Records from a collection
::::::::::

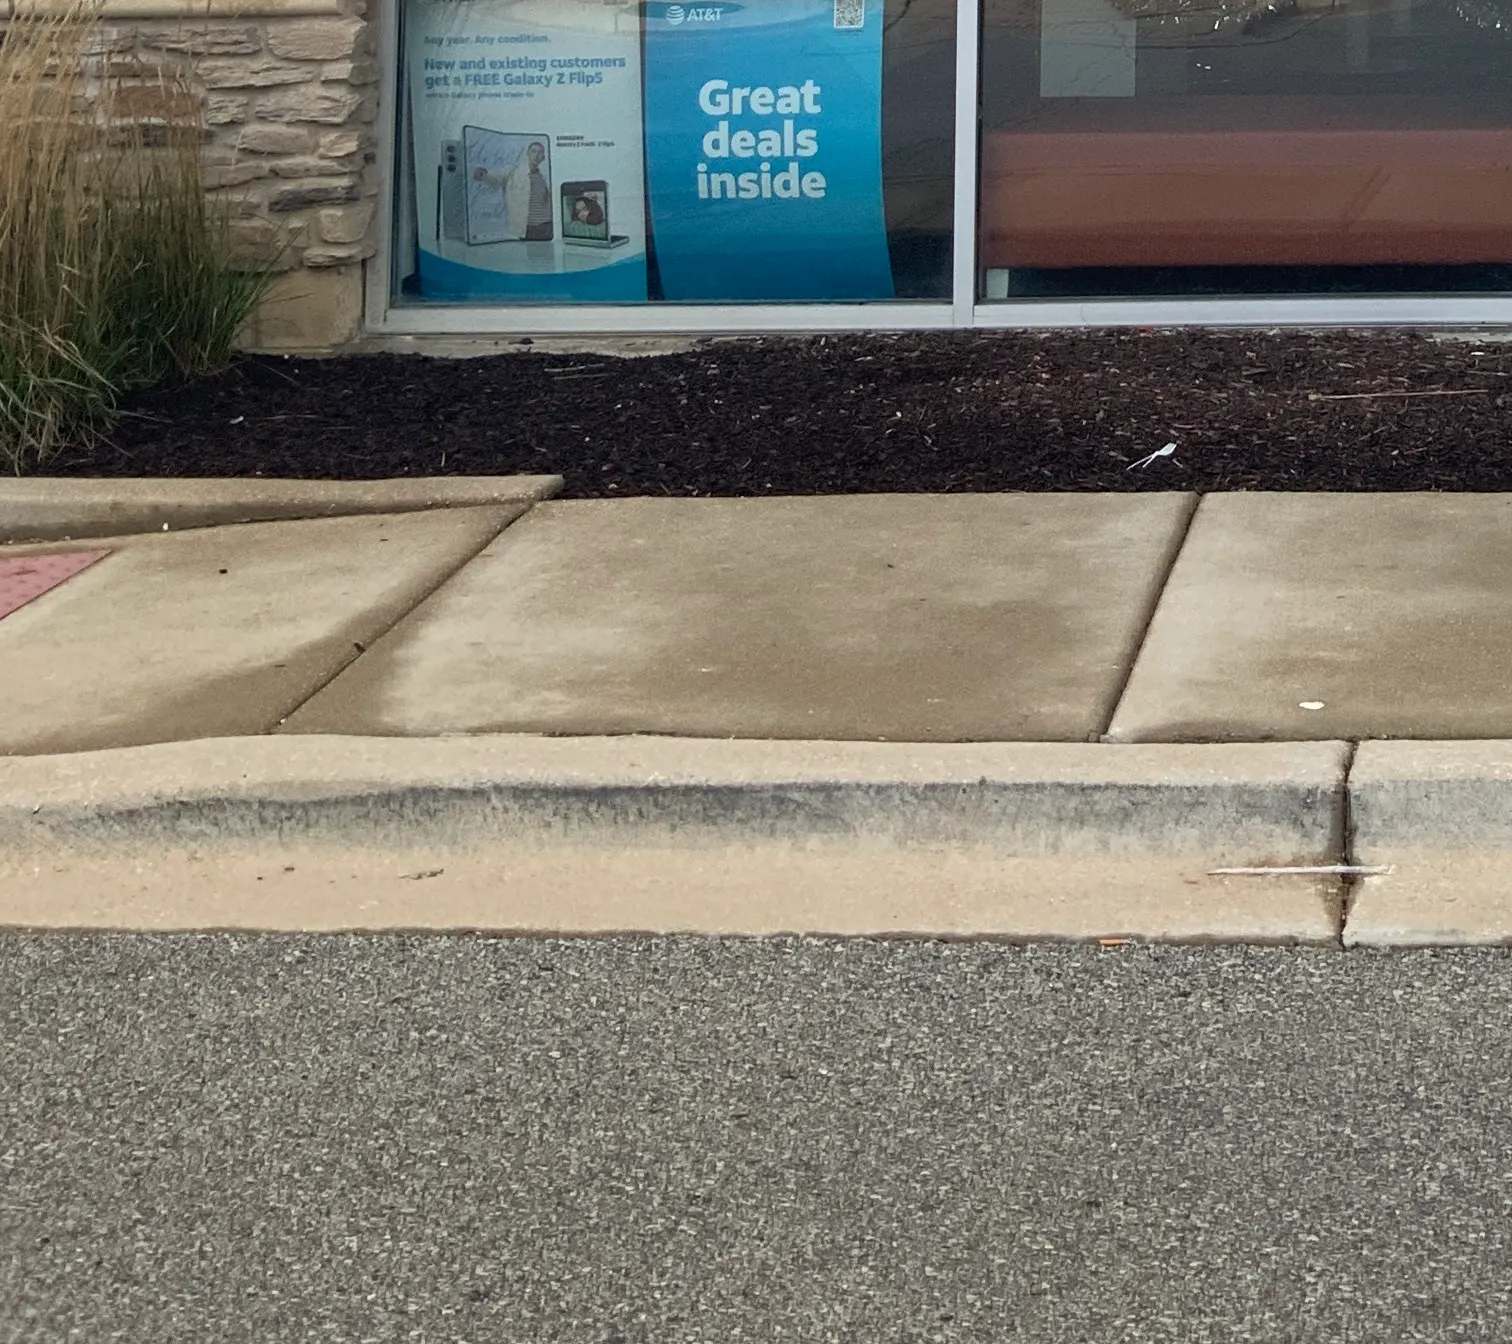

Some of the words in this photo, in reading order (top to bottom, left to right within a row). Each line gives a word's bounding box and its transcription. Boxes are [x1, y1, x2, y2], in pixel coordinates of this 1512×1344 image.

[686, 7, 724, 22] AT&T
[474, 34, 495, 46] Any
[424, 57, 455, 71] New
[459, 56, 486, 70] and
[489, 55, 547, 72] existing
[549, 56, 627, 69] customers
[425, 74, 449, 90] get
[453, 76, 461, 86] a
[464, 73, 500, 86] FREE
[503, 72, 553, 88] Galaxy
[556, 72, 566, 85] Z
[699, 79, 822, 116] Great
[702, 119, 819, 158] deals
[697, 161, 827, 200] inside

::::::::::

Work required ▸ Where the data contains images, drop them and print the rest exactly.

Response to this exercise ▸
Some of the words in this photo, in reading order (top to bottom, left to right within a row). Each line gives a word's bounding box and its transcription. Boxes are [x1, y1, x2, y2], in pixel coordinates of this 1512×1344 image.

[686, 7, 724, 22] AT&T
[474, 34, 495, 46] Any
[424, 57, 455, 71] New
[459, 56, 486, 70] and
[489, 55, 547, 72] existing
[549, 56, 627, 69] customers
[425, 74, 449, 90] get
[453, 76, 461, 86] a
[464, 73, 500, 86] FREE
[503, 72, 553, 88] Galaxy
[556, 72, 566, 85] Z
[699, 79, 822, 116] Great
[702, 119, 819, 158] deals
[697, 161, 827, 200] inside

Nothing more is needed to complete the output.